In L.A. County, the 2008 smoking rate was 10.5 percent. San Diego and Alameda counties also had rates below the state average, while San Francisco and Sacramento counties had rates above the average, at 13.5 and 14 percent, respectively.

In general, people living in rural, low-density counties were more likely to smoke than those living in denser urban areas.

In a section of the report that was of particular note to locals, the survey showed that public support is increasing for bans on smoking in public places — an area where Santa Monica’s City Council has been a leader, banning smoking in a long list of venues, including beaches, restaurant and bar patios, bus stops and apartment common areas and apartment balconies.

“I don’t think it’s a coincidence that smoking is down in California, because if you look across the state, local government and the state government are taking a hard line on smoking and it’s beginning to pay off,” said Santa Monica Mayor Richard Bloom.

Bloom said regulating secondhand smoke could continue to be a topic for the City Council.

“I think we’ve covered most of the ground,” he said. “I think the next frontier is how do we provide protection for people who are living in close quarters with people who smoke and have to suffer the secondhand smoke effect. That’s a tough issue and I think that the council over the next couple of years will continue to struggle with that issue.”

Statewide, support for restaurant patio smoking bans increased to 44.3 percent in 2008, from 36.8 percent in 2002, according to the report. Support for banning smoking outside entrances to buildings rose from 44.5 percent in 2002 to 54.2 percent in 2008.

At the same time, Californians are increasingly complaining about exposure to smoke while in public.

“While California workers have enjoyed a decline in secondhand smoke exposure in the workplace and at home, there was increasing incidence of exposure from venues other than work or home,” the report stated.

Esther Schiller, executive director of the non-profit Smokefree Air For Everyone, called the figures showing a lower overall smoking rate “very exciting” and said higher levels of support for public space smoking bans could prompt more jurisdictions to adopt smoking rules similar to the ones already in effect in Santa Monica.

A section of the report that said “90 percent of young adults would like to see the current smoke-free bar law kept as is, more strictly enforced, or extended to patios and outdoor sitting areas” was particularly encouraging, she said.

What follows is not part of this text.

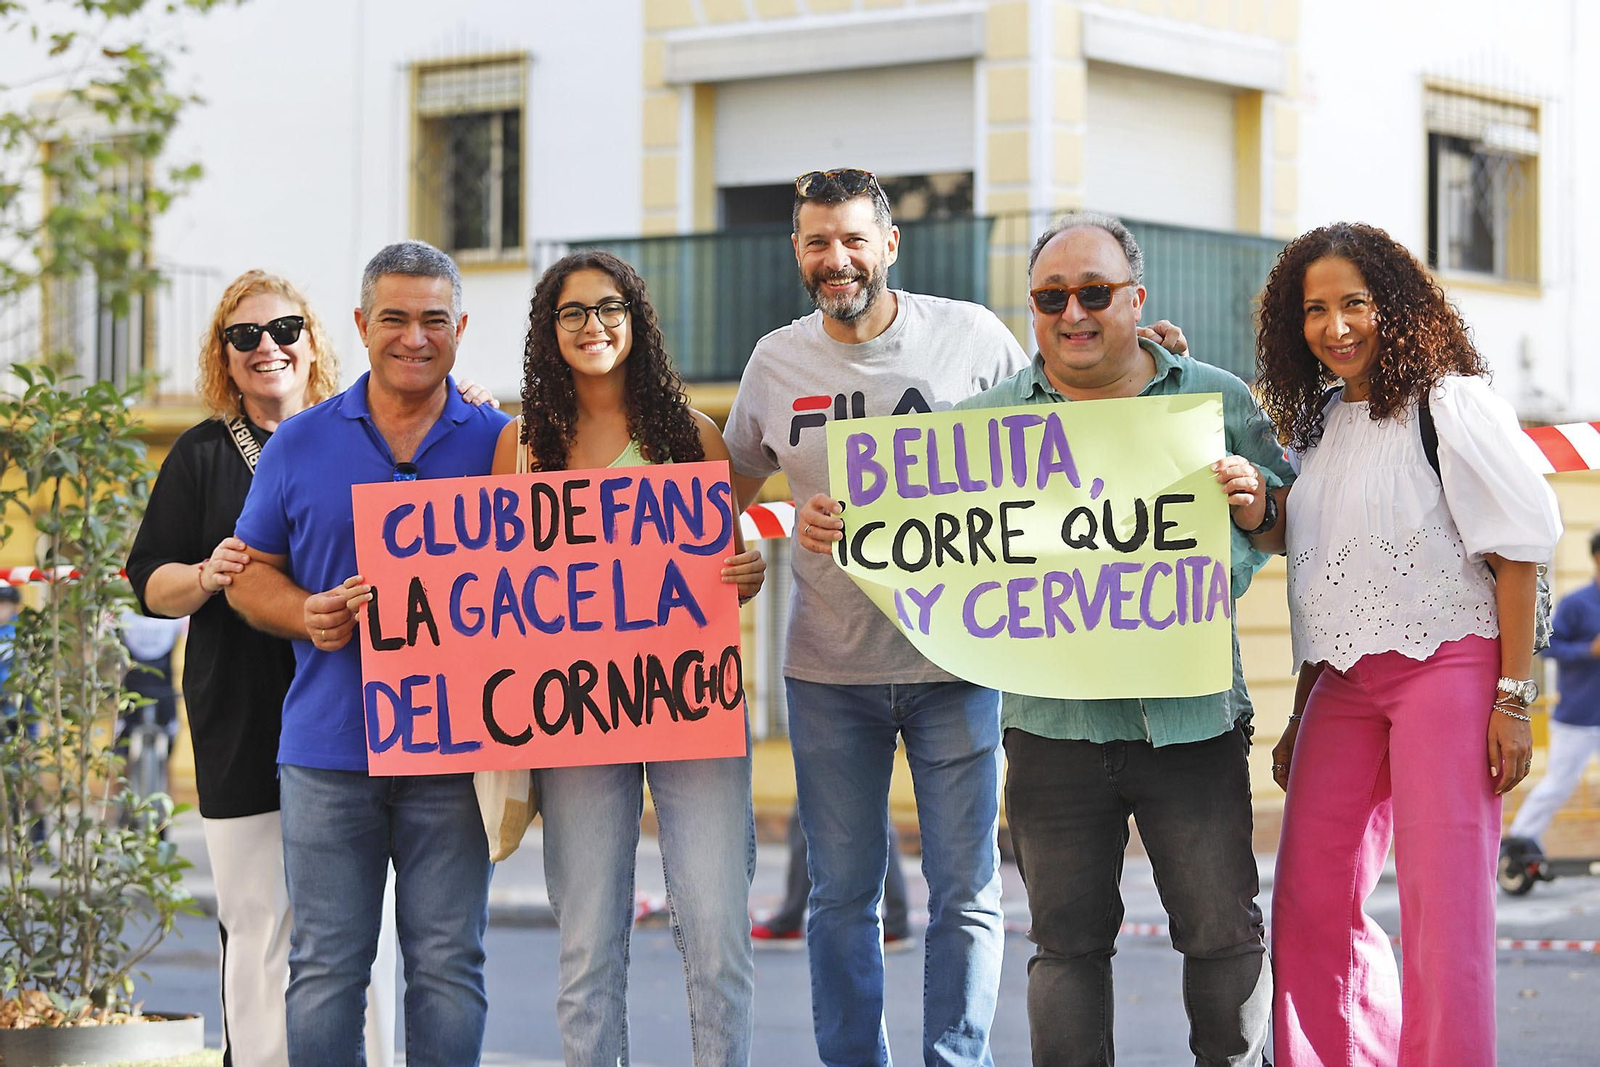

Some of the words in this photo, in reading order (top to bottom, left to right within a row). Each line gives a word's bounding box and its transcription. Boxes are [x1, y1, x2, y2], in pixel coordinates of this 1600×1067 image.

The city of Los Angeles, for example, has adopted a smoking ban for restaurant patios but opted not to extend the rule, which takes effect next year, to bar and night club patios, she said.

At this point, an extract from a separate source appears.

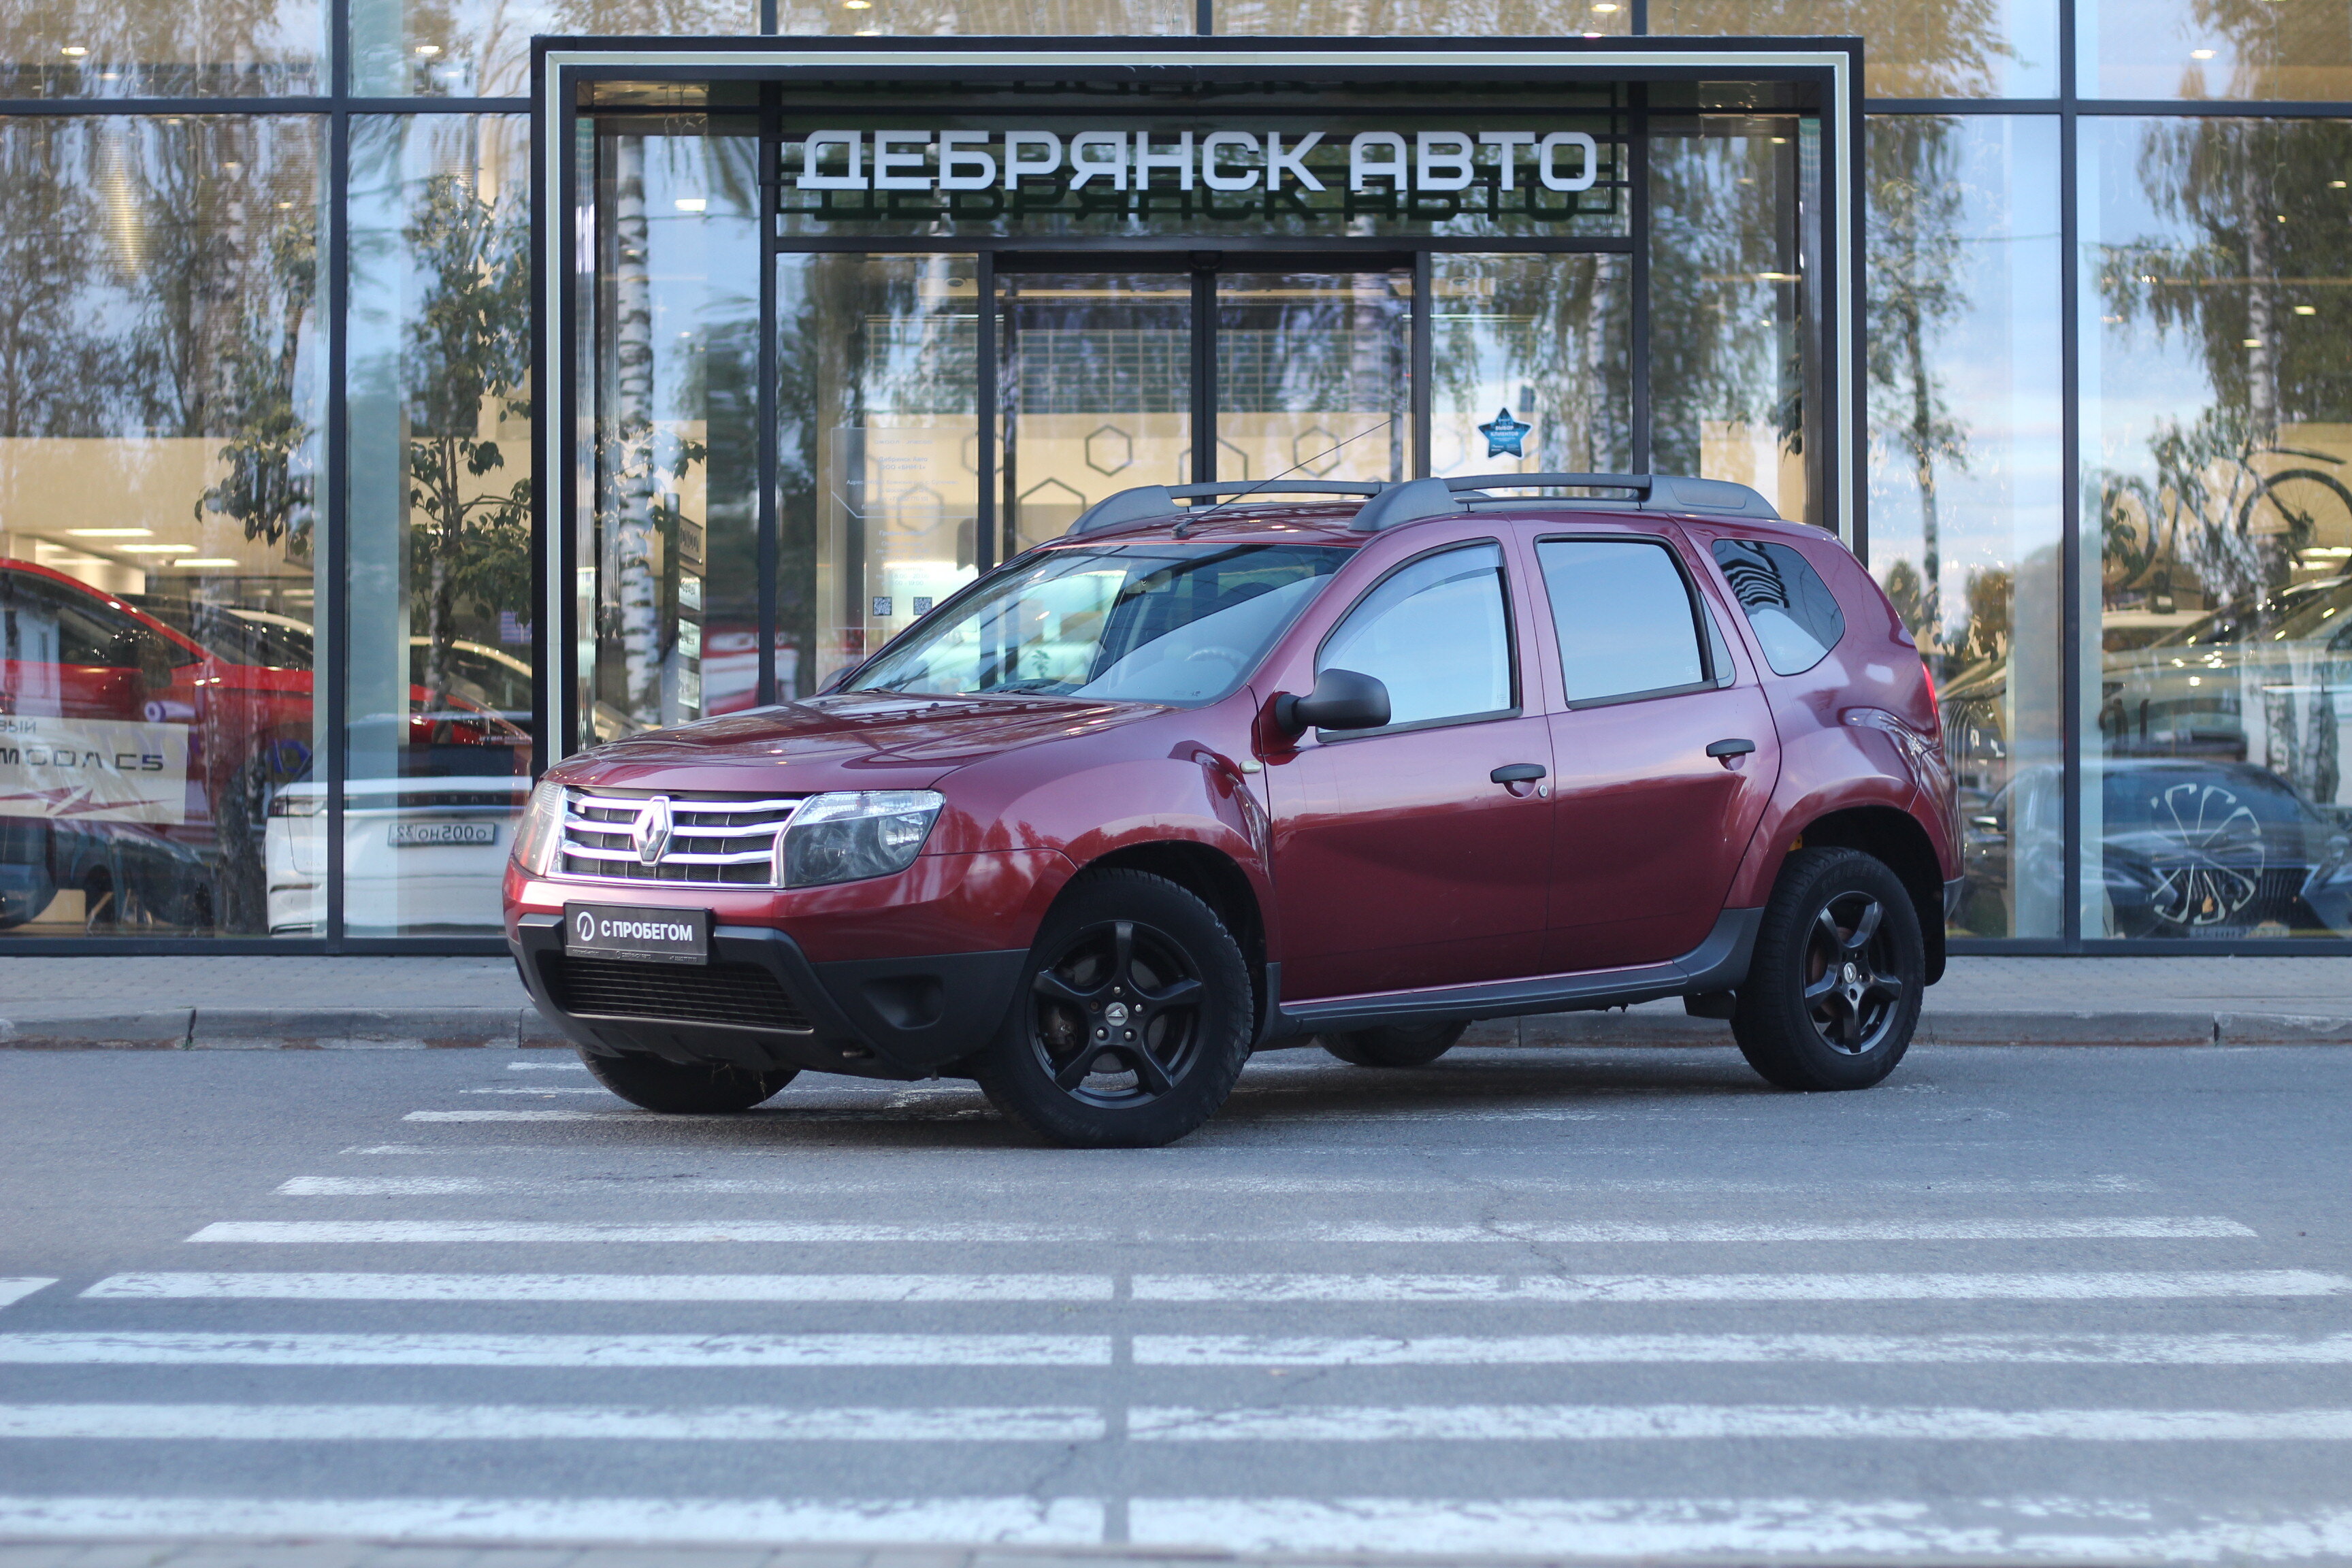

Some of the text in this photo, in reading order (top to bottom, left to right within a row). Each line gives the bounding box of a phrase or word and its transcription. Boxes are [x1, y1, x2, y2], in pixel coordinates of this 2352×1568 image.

[796, 130, 1598, 191] ДЕБРЯНСК АВТО
[114, 753, 164, 771] C5
[600, 920, 693, 941] С ПРОБЕГОМ

“Maybe this kind of report will help them look at the issue again,” she said.

She said she was concerned about two points noted in the report: a slight increase in the rate of cigar smoking among males, and big increases among both men and women in the rate of hookah smoking.

“Hookah use is increasing faster than any other tobacco product, especially in young adults,” the report stated.

The 2008 survey was the eighth time since 1990 that California has conducted a statewide report on tobacco usage. More than 22,000 households were contacted to gather the information, with more than 10,300 extended interviews conducted, according to the authors of the report.

Other key findings included:

• Californians buy about half as many packs of cigarettes per person (3.37 per month) compared with the rest of the country, where the per capita average is 6.42 packs per month.

• The smoking rate among the state’s college graduates was 5.9 percent. Among men who did not graduate from high school it was 20.9 percent. Female college graduates were more likely to smoke (10.4 percent) than their counterparts who did not graduate from high school (8.7 percent).

• Smoking among African Americans has declined sharply, from 41 percent of adults in 1990 to 14.2 percent in 2008.